Humphrey was afraid of these wild outbursts, as likely to bring on fever; and yet he could not but desire to know more.
“A white man? Nay, brother; that is scarce to be believed. A white man to league himself to such deeds as these!”
“A white man—a Frenchman. For I called upon him in our tongue, and he answered me in the same, but with that halting accent which I know belongs to the sons of France. Moreover, he made no secret of it. He called us dogs of English, who were robbers of the soil where none had right to penetrate save the subjects of his royal master. He swore that they would make an end of us, root and branch; and he laughed when he saw the Indians cutting down the little ones, and covering their tender bodies with cruel wounds; nor had he any pity upon the one white woman; and when I raved upon him and cursed him, he laughed back, and said he had no power to allay the fury of the savages. Those who would preserve themselves safe should retire within the bounds of the colony to which they belong. France would have an end of encroachment, and the Indians were her friends, and would help her to drive out the common foe!”

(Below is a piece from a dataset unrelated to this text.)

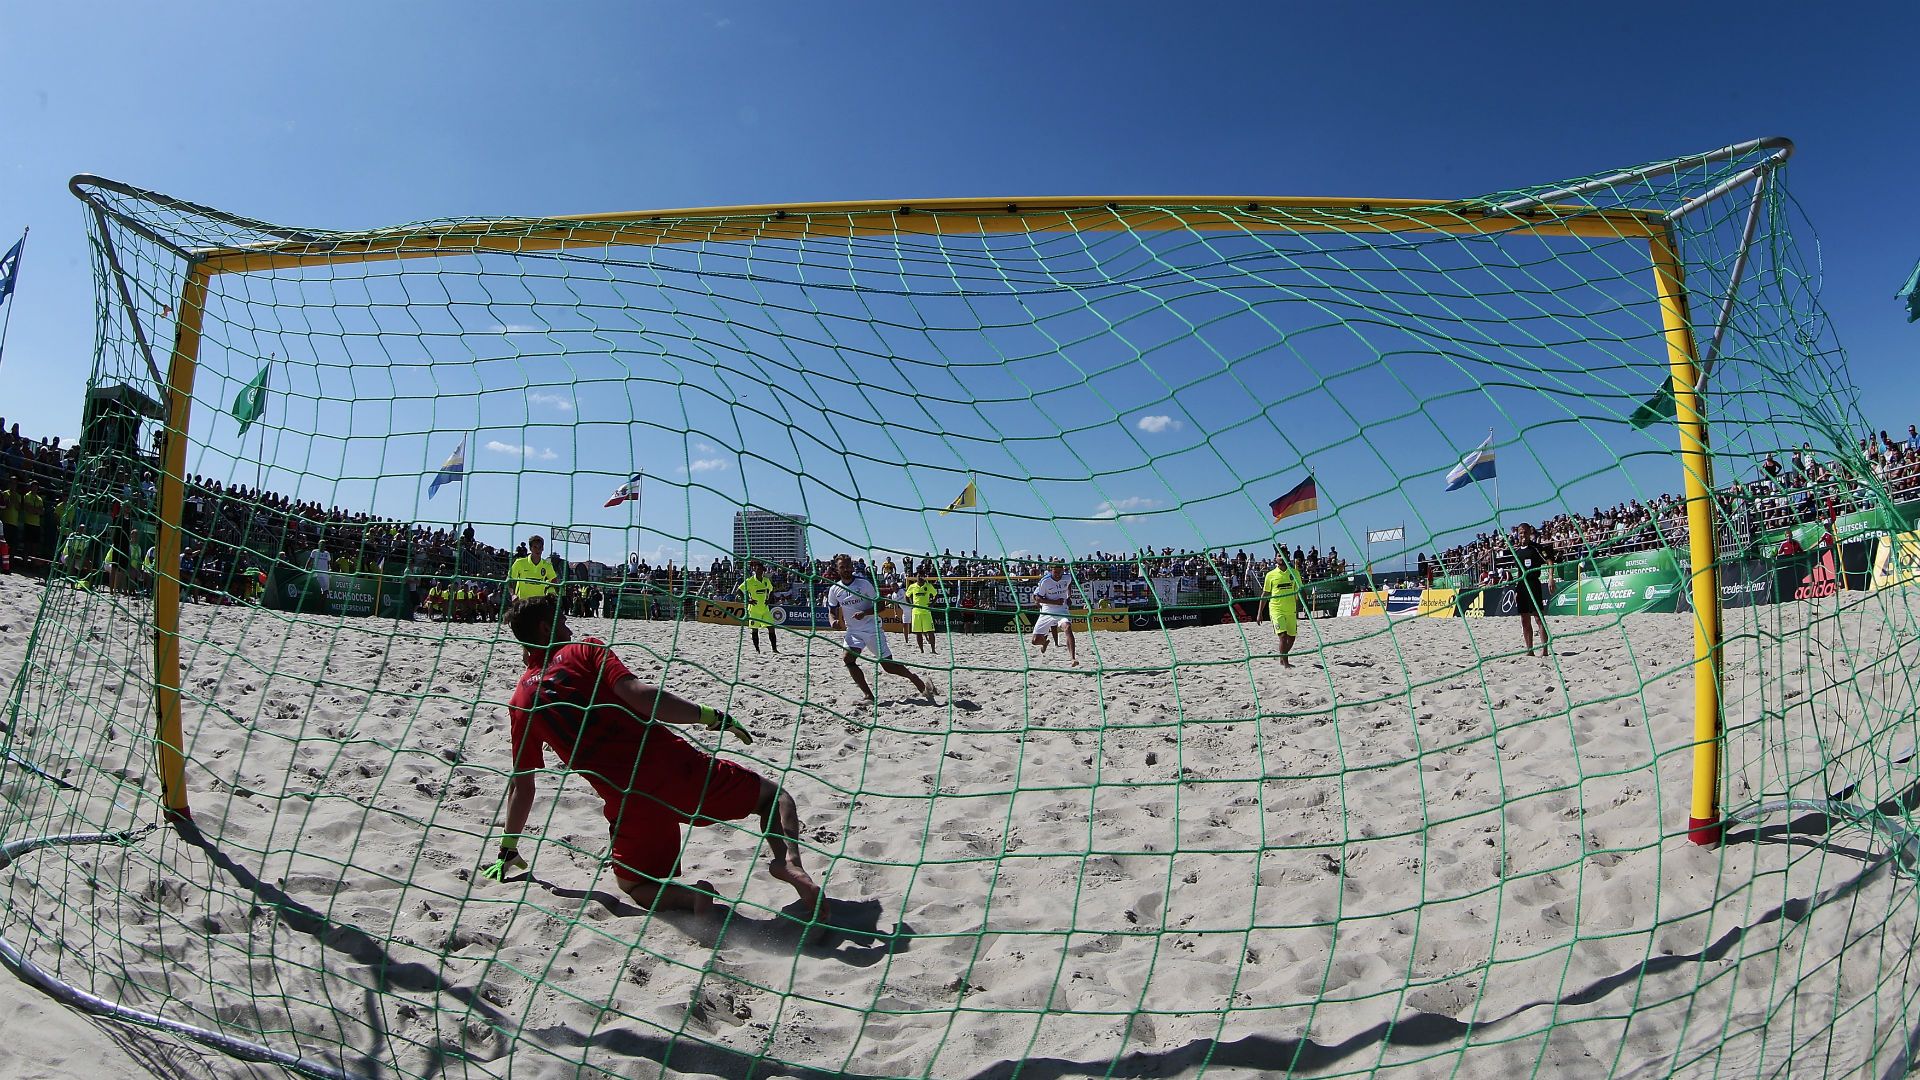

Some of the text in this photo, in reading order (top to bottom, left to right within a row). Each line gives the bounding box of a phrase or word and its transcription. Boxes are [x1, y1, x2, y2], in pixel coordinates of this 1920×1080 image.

[335, 581, 361, 590] DEUTSHE
[1153, 614, 1198, 622] Mrcedes-Benz
[1221, 615, 1252, 624] addas
[1003, 623, 1035, 632] addas

Humphrey set his teeth and clinched his hands. The old instinctive hatred of centuries between French and English, never really dead, now leaped into life in his breast. He had heard plenty of talk during his boyhood of France’s boundless pretensions with regard to the great New World of the West, and how she sought, by the simple process of declaring territory to be hers, to extend her power over millions of miles of the untrodden plains and forests, which she could never hope to populate. He had laughed with others at these claims, and had thought little enough of them when with father and brother he set out for the western frontier.

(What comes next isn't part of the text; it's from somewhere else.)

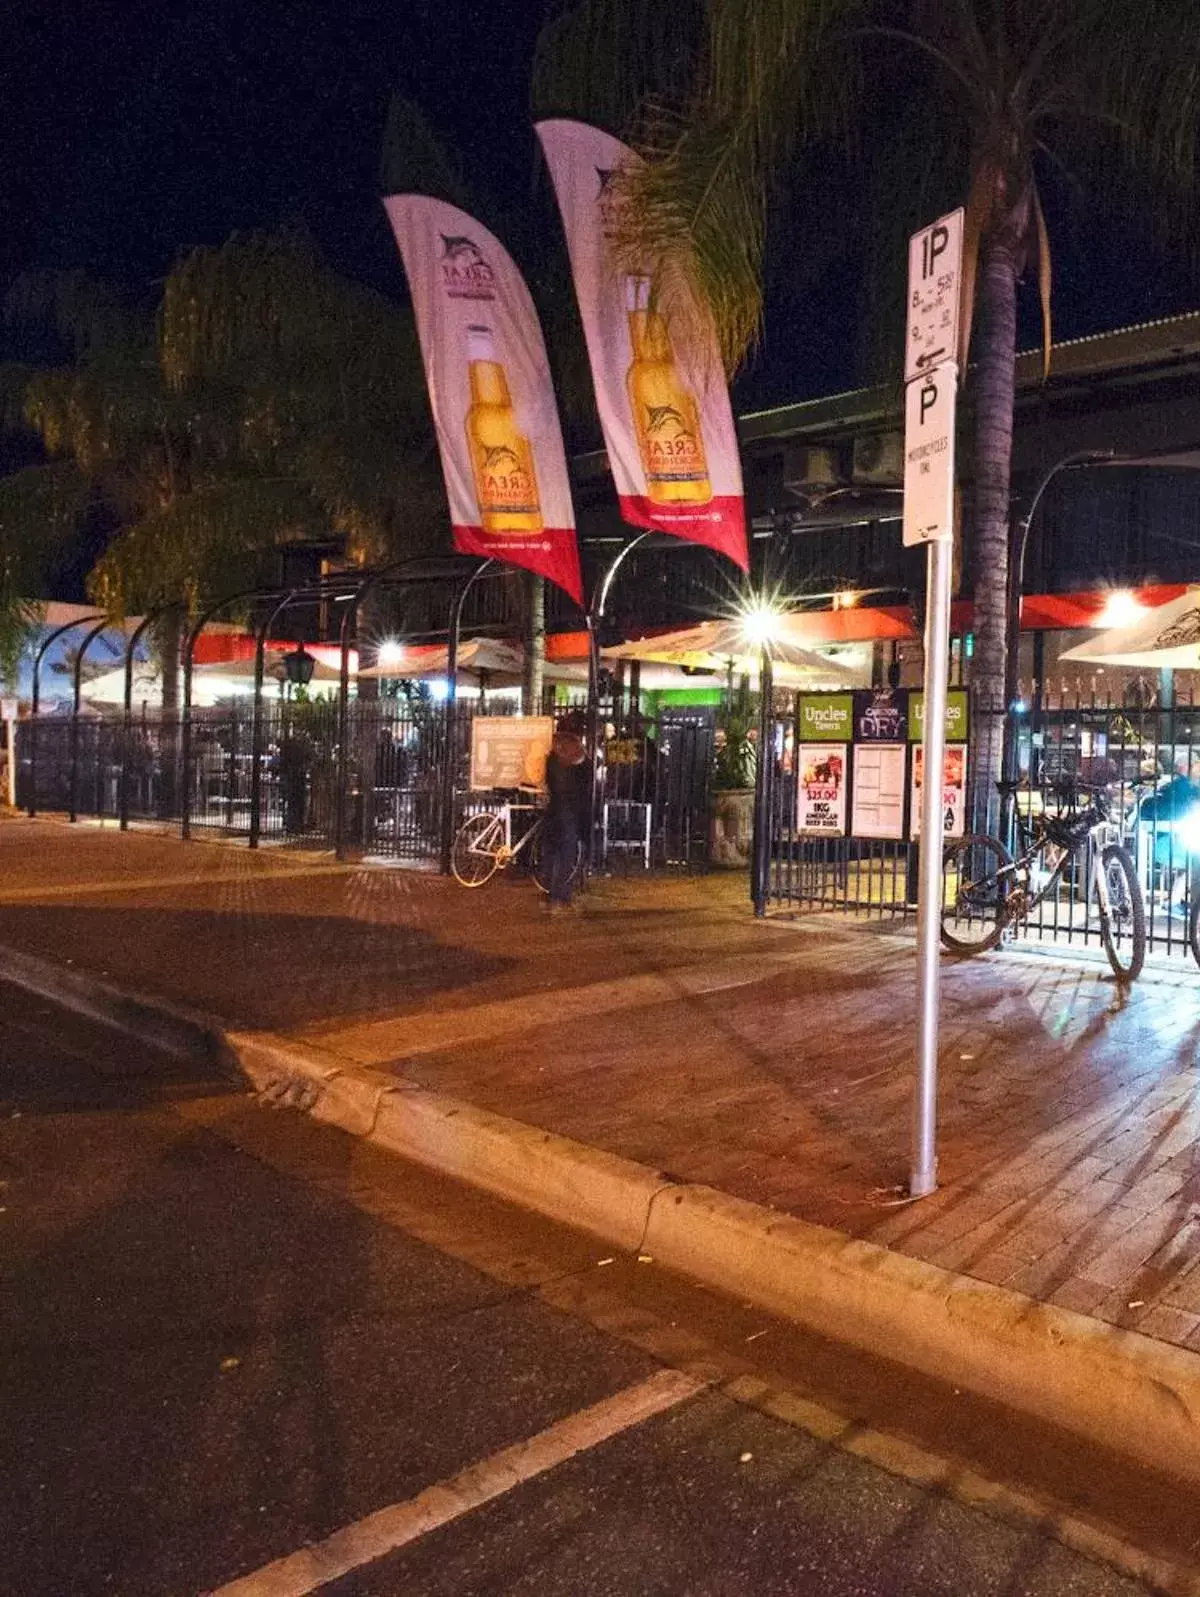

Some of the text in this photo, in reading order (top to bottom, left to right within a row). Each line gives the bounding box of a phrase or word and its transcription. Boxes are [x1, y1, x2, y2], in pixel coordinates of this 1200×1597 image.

[921, 224, 950, 281] 1P
[919, 384, 938, 425] P
[805, 704, 848, 721] Uncles
[859, 715, 907, 737] DRY

There was then peace between the nations. Nor had it entered into the calculations of the settlers that their white brethren would stir up the friendly Indians against them, and bring havoc and destruction to their scattered dwellings. That was a method of warfare undreamed of a few years back; but it was now becoming a terrible reality.
“But your life was spared?” said Humphrey at last; “and yet the scalping-knife came very close to doing its horrid work.”
“Yes: they spared me—he spared me—when he had made me suffer what was tenfold worse than death; yet I wot well he only thought to leave me to a lingering death of anguish, more terrible than that of the scalping knife! They knew not that I had any to come to my succour. When he drew off the howling Indians and left me bound to the stump, he thought he left me to perish of starvation and burning thirst. It was no mercy that he showed me—rather a refinement of cruelty. I begged him to make an end of my wretched life; but he smiled, and bid me a mocking farewell.
“Great God of heaven and earth, look down and avenge me of mine adversary! I trust there are not many such fiends in human shape even in the ranks of the jealous and all-grasping French. But if there be, may it be mine to carry death and desolation into their ranks! May they be driven forth from this fair land which they have helped to desolate! May death and destruction come swiftly upon them; and when they fall, let them rise up no more!”